All of the data should be output character for character, except the pictures.

── Given entries ──

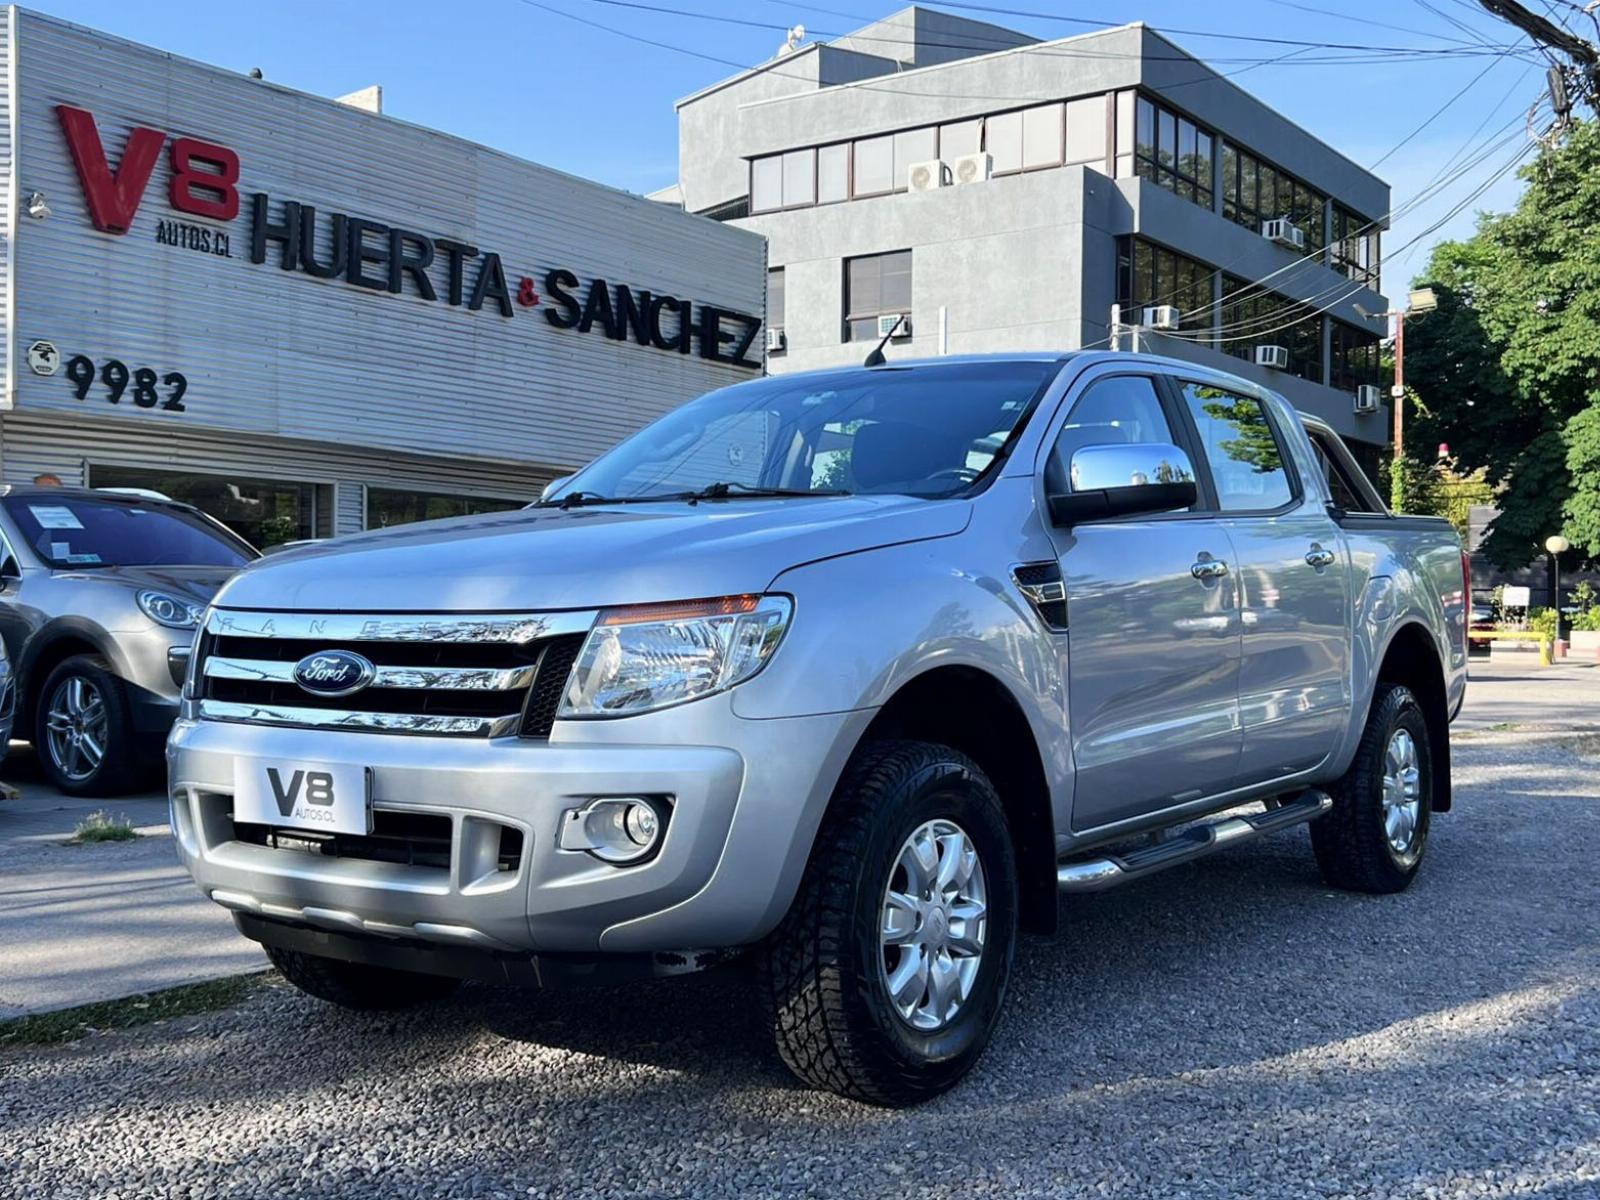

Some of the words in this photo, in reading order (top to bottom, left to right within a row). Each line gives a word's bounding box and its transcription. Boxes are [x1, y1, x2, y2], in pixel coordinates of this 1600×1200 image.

[56, 104, 240, 235] V8
[156, 220, 233, 258] AUTOS.CL
[250, 193, 514, 318] HUERTA
[517, 277, 540, 308] &
[545, 268, 762, 369] SANCHEZ
[67, 354, 188, 412] 9982
[304, 656, 349, 682] Ford
[266, 767, 335, 817] V8

───

**Task answer**
Some of the words in this photo, in reading order (top to bottom, left to right within a row). Each line gives a word's bounding box and its transcription. Boxes are [x1, y1, x2, y2], in pixel coordinates of this 1600×1200 image.

[56, 104, 240, 235] V8
[156, 220, 233, 258] AUTOS.CL
[250, 193, 514, 318] HUERTA
[517, 277, 540, 308] &
[545, 268, 762, 369] SANCHEZ
[67, 354, 188, 412] 9982
[304, 656, 349, 682] Ford
[266, 767, 335, 817] V8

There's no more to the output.